Let's Code: Building a Custom OpenTelemetry Collector
Drew Robbins
Engineering Leader | Driving Innovation and Observability in Generative AI Applications
In past articles, we explored OpenTelemetry, a powerful tool that shines a light on the internal operations of your software. We also discussed the OpenTelemetry Collector, a service you can run alongside your software to collect Logs, Metrics, and Traces.
In this article, we are digging a bit deeper. Actually, a lot deeper! We'll go beyond the default uses of the OpenTelemetry Collector, and explore the landscape of custom distributions. This is where things get exciting, as it offers the agility to shape the tool to your unique requirements and situations.
In this article, you will discover how to craft your custom OpenTelemetry Collector Distribution, swap out components with your original code, and engineer new components to integrate into the collector.

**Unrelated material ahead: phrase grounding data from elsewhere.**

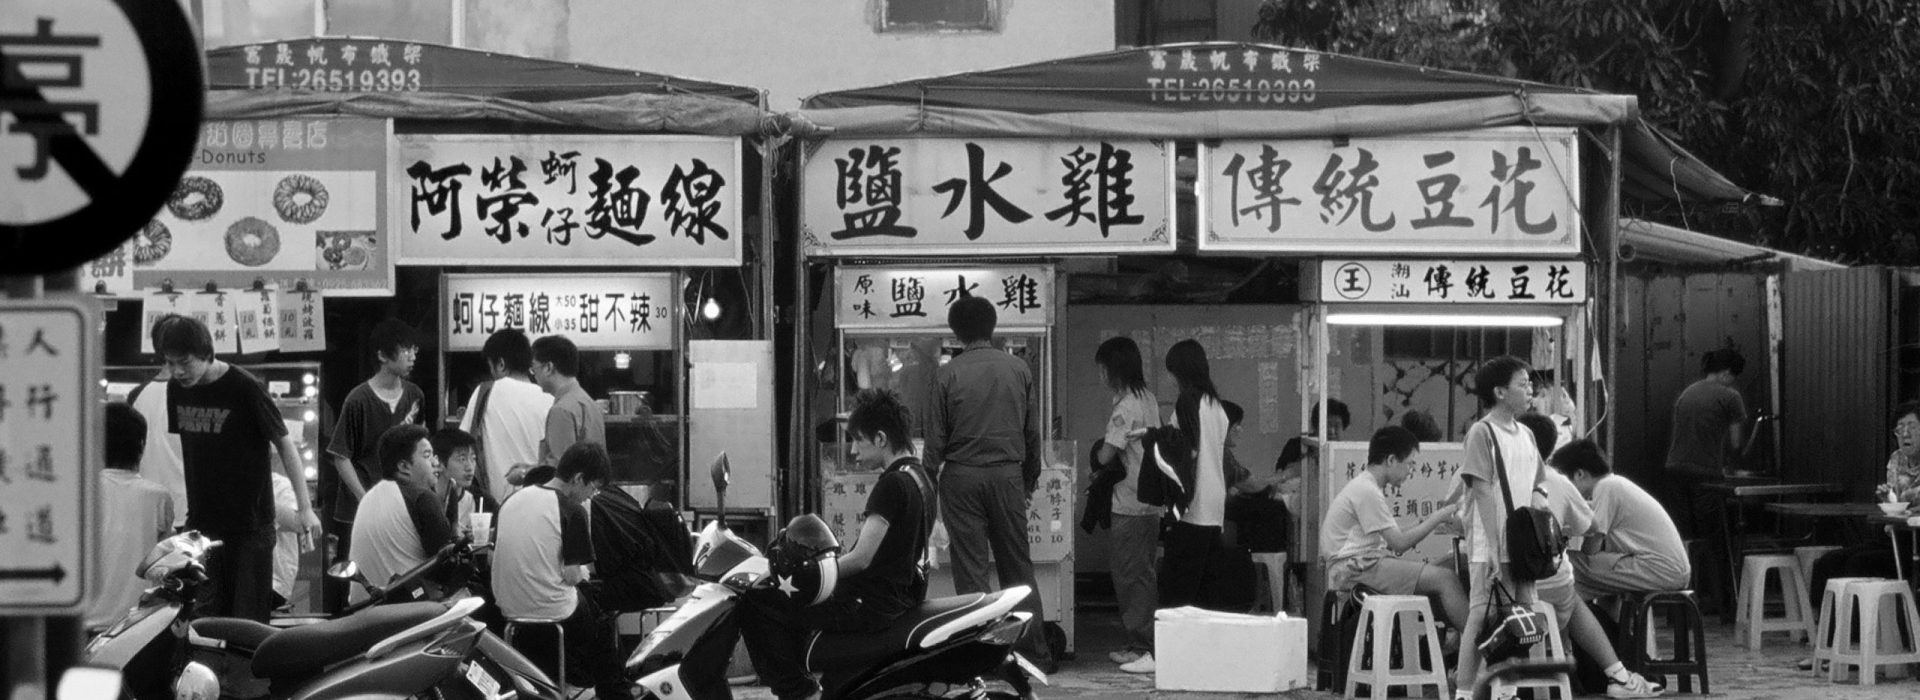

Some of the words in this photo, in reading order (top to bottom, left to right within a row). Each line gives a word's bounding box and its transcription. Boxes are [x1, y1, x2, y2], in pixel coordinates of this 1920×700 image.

[246, 68, 421, 92] TEL:26519393
[831, 142, 1144, 241] 鹽水雞
[1222, 144, 1557, 235] 傳統豆花
[1424, 264, 1574, 299] 傳統豆花
[453, 292, 550, 334] 蚵仔麵線
[579, 292, 652, 333] 甜不辣

To demonstrate how it all works, I will walk you through the creation of a custom receiver, built to gather TCP stats from your local machine and yield metrics for your monitoring backend.

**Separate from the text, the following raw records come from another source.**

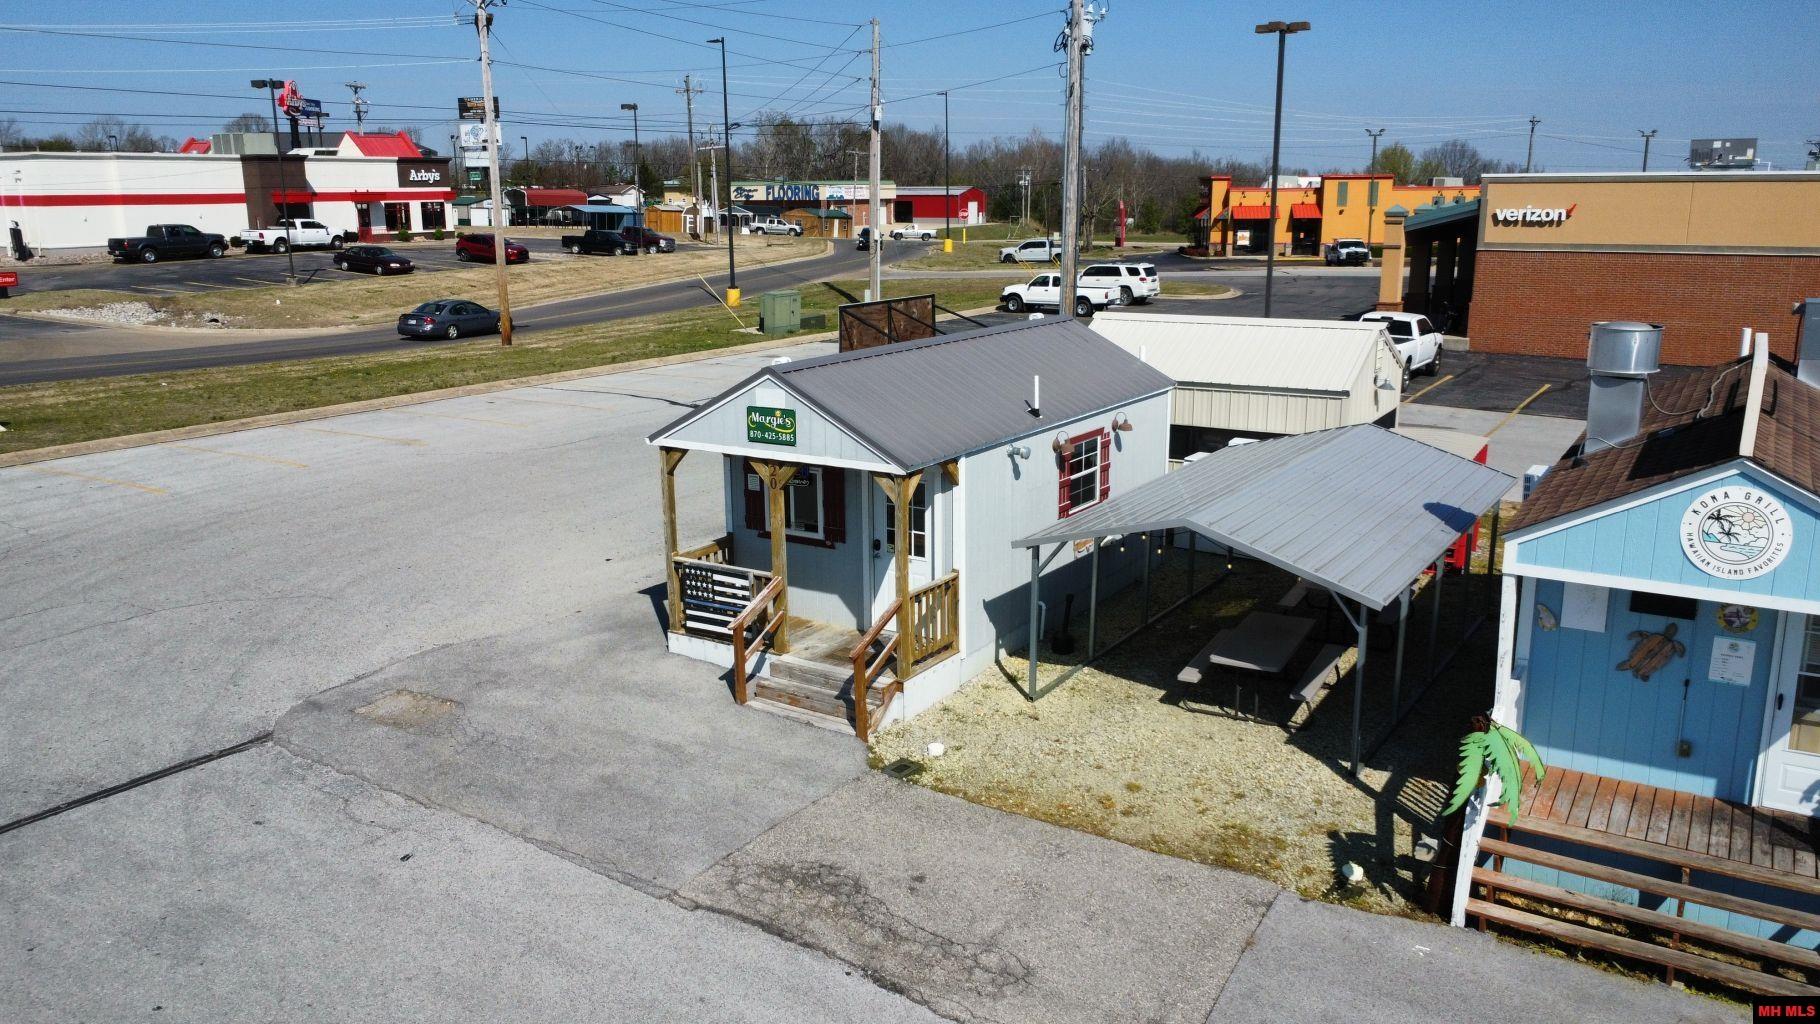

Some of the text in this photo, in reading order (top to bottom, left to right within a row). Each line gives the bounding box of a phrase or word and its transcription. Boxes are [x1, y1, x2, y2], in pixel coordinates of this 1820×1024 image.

[410, 169, 441, 184] Arby's
[765, 185, 820, 200] FLOORING
[1495, 205, 1567, 221] verizon
[751, 411, 792, 429] Margie's
[749, 430, 795, 442] 870-425-5885
[1691, 491, 1785, 525] KONA GRILL
[1686, 532, 1784, 576] HAWAIIAN ISLAND FAVORITES
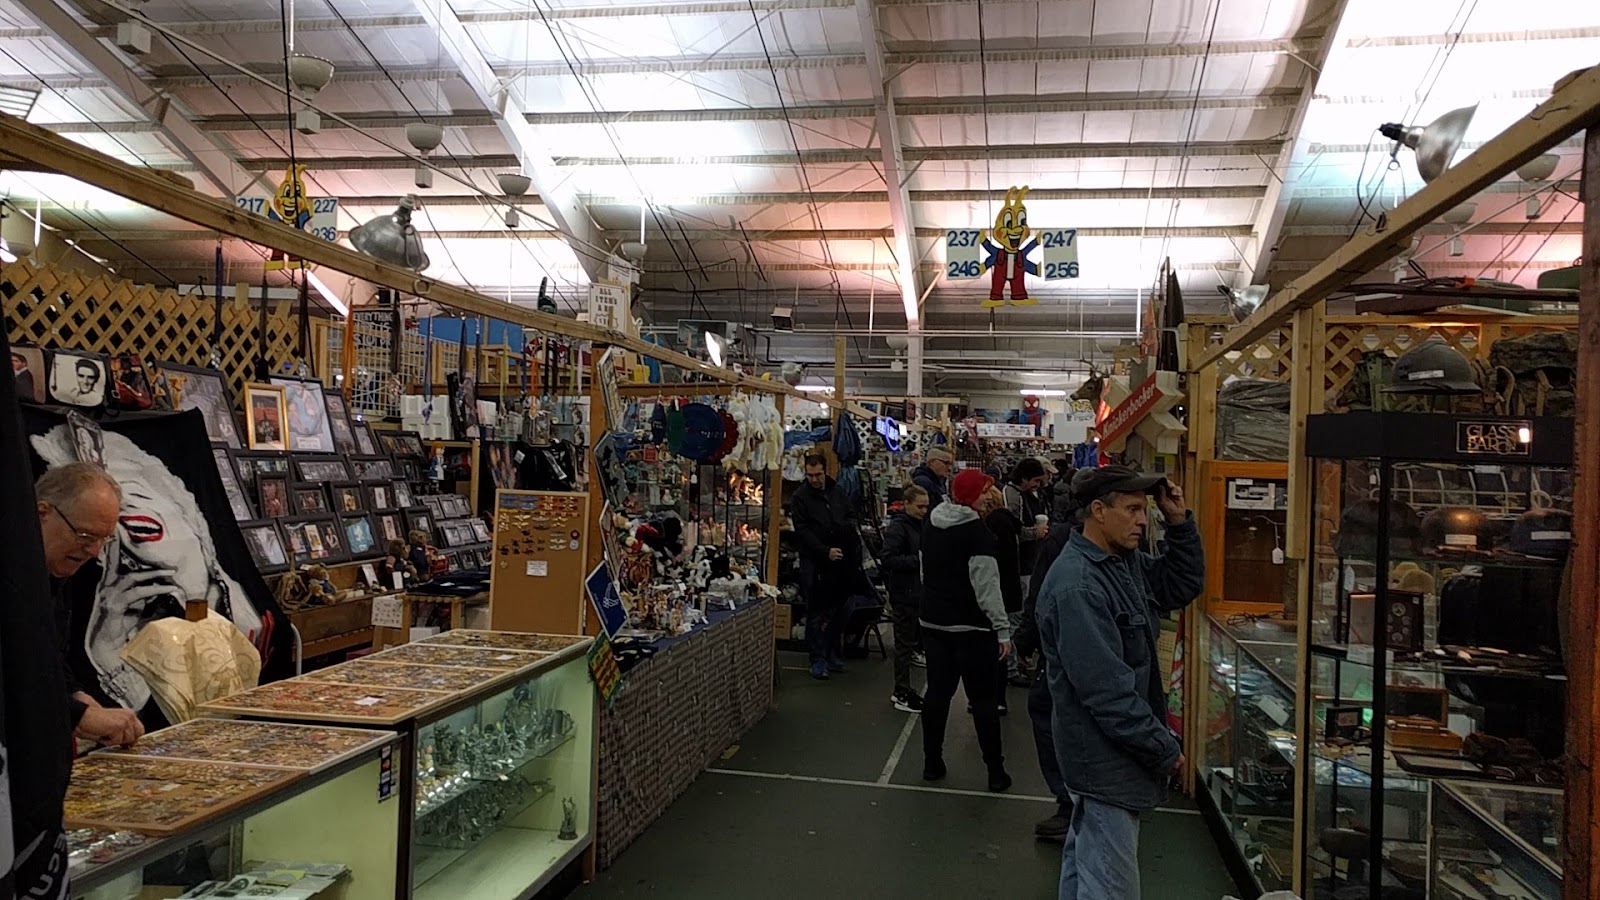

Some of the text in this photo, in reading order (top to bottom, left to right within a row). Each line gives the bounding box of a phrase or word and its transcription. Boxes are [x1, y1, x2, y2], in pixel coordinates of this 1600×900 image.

[237, 197, 265, 215] 217
[314, 199, 337, 214] 227
[312, 226, 337, 241] 236
[947, 230, 980, 247] 237
[1042, 229, 1076, 248] 247
[948, 260, 981, 277] 246
[1045, 261, 1079, 279] 256
[1466, 424, 1517, 440] GLASS

To wrap it all up, I will point you to a repository hosting a complete working example inclusive of all the code snippets I'll discuss.
Understanding the OpenTelemetry Collector
The OpenTelemetry Collector is a versatile tool designed to gather, process, and export telemetry data. It's a pivotal component of the OpenTelemetry framework, acting as the intermediary that collects metrics, traces, and logs from your applications and services and then sends them to various backends for analysis and storage.

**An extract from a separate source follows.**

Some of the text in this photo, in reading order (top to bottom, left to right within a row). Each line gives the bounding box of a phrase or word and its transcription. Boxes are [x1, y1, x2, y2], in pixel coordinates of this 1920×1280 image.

The power of the OpenTelemetry Collector lies in its modular architecture. It allows you to tailor the collector to your specific needs by assembling your own selection of components. There are two main distributions of the collector: Core and Contrib.
Core Distribution is the barebones version of the collector. It is stable, lightweight, and contains only a basic set of stable components - receivers, processors, and exporters. This version is ideal for those who wish to use a lean, well-tested, and efficient collector without any unnecessary extras.
Contrib Distribution, on the other hand, is the feature-packed variant. It includes all components from the Core, but also offers a wide range of additional receivers, processors, and exporters maintained by the community. This version is designed for those who need a more extensive set of components and don't mind trading some efficiency for added functionality.
More often than not, the Core distribution does not include all of the functionality a team requires for their telemetry needs. However, the Contrib Distribution contains too much, requiring the team to deploy a lot of code into their system that they will never use.
To provide a middle ground, the OpenTelemetry project offers a build tool for engineering teams to create their own curated and purposeful distribution of the collector with only the components they need.
Why Build a Custom OpenTelemetry Collector?
Custom distributions provide the ability to choose only the components you need, giving you the best of both worlds: the leanness of the Core distribution and the richness of features from the Contrib distribution.
Moreover, creating custom distributions can prove beneficial in the following scenarios:
At the time of this writing, the contrib distribution binary is just over 200mb. The minimal distribution binary we build below is around 20mb.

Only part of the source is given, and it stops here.